→ Required work:
Keep every word of the entries and print them exactly; the pictures stay out.

→ Supplied records:
┄┄┄┄┄┄

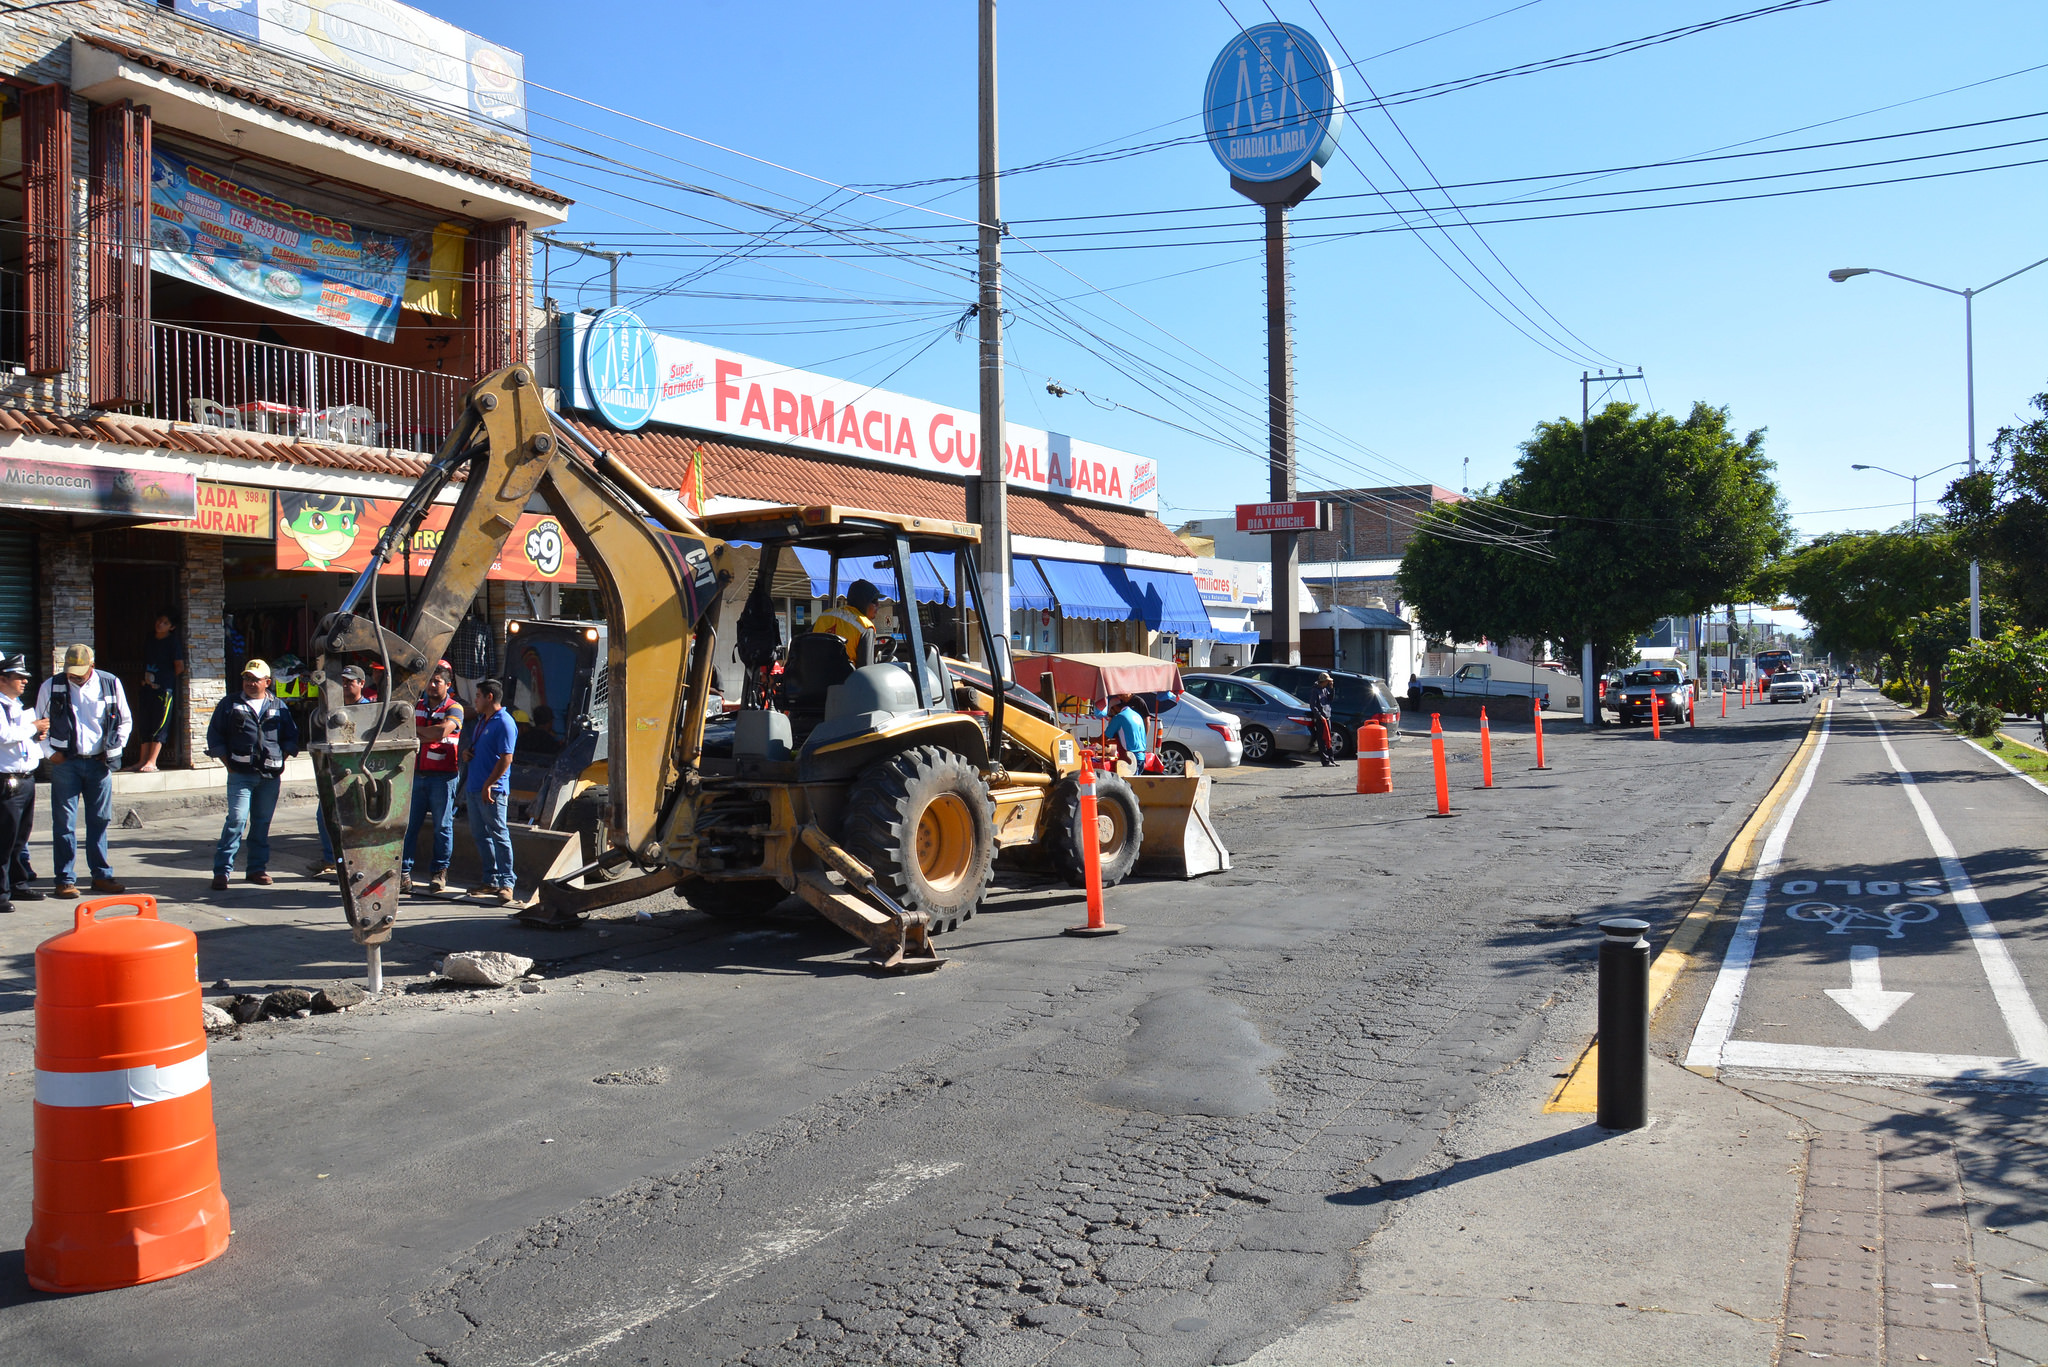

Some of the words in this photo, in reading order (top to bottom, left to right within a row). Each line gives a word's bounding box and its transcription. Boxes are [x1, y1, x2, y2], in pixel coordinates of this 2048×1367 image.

[1259, 36, 1275, 121] FARMACIAS
[1230, 129, 1307, 160] GUADALAJARA
[177, 199, 183, 208] A
[184, 201, 226, 224] DOMICILIO
[185, 191, 222, 211] SERVICIO
[186, 165, 354, 244] MARISCOS
[151, 202, 185, 224] TADAS
[199, 220, 244, 245] COCTELES
[274, 226, 300, 249] 8709
[311, 239, 361, 260] Deliciosas
[353, 287, 393, 308] MARISCOS
[620, 321, 630, 382] FARMACIAS
[670, 362, 694, 380] Super
[662, 373, 705, 399] Farmacia
[600, 386, 650, 411] GUADALAJARA
[714, 358, 917, 460] FARMACIA
[928, 412, 1124, 500] GUALAJARA
[4, 468, 92, 490] Michoacan
[1134, 462, 1151, 480] Super
[244, 490, 260, 504] 398
[260, 493, 268, 505] A
[1129, 472, 1157, 502] Farmacia
[1255, 503, 1295, 517] ABIERTO
[539, 522, 559, 533] DESDE
[1247, 516, 1264, 530] DIA
[1265, 516, 1273, 529] Y
[1274, 515, 1306, 529] NOCHE
[685, 548, 718, 588] CAT
[1194, 575, 1231, 593] amiliares
[1780, 878, 1946, 897] SOLO

┄┄┄┄┄┄

→ Exercise answer:
Some of the words in this photo, in reading order (top to bottom, left to right within a row). Each line gives a word's bounding box and its transcription. Boxes are [x1, y1, x2, y2], in pixel coordinates of this 2048×1367 image.

[1259, 36, 1275, 121] FARMACIAS
[1230, 129, 1307, 160] GUADALAJARA
[177, 199, 183, 208] A
[184, 201, 226, 224] DOMICILIO
[185, 191, 222, 211] SERVICIO
[186, 165, 354, 244] MARISCOS
[151, 202, 185, 224] TADAS
[199, 220, 244, 245] COCTELES
[274, 226, 300, 249] 8709
[311, 239, 361, 260] Deliciosas
[353, 287, 393, 308] MARISCOS
[620, 321, 630, 382] FARMACIAS
[670, 362, 694, 380] Super
[662, 373, 705, 399] Farmacia
[600, 386, 650, 411] GUADALAJARA
[714, 358, 917, 460] FARMACIA
[928, 412, 1124, 500] GUALAJARA
[4, 468, 92, 490] Michoacan
[1134, 462, 1151, 480] Super
[244, 490, 260, 504] 398
[260, 493, 268, 505] A
[1129, 472, 1157, 502] Farmacia
[1255, 503, 1295, 517] ABIERTO
[539, 522, 559, 533] DESDE
[1247, 516, 1264, 530] DIA
[1265, 516, 1273, 529] Y
[1274, 515, 1306, 529] NOCHE
[685, 548, 718, 588] CAT
[1194, 575, 1231, 593] amiliares
[1780, 878, 1946, 897] SOLO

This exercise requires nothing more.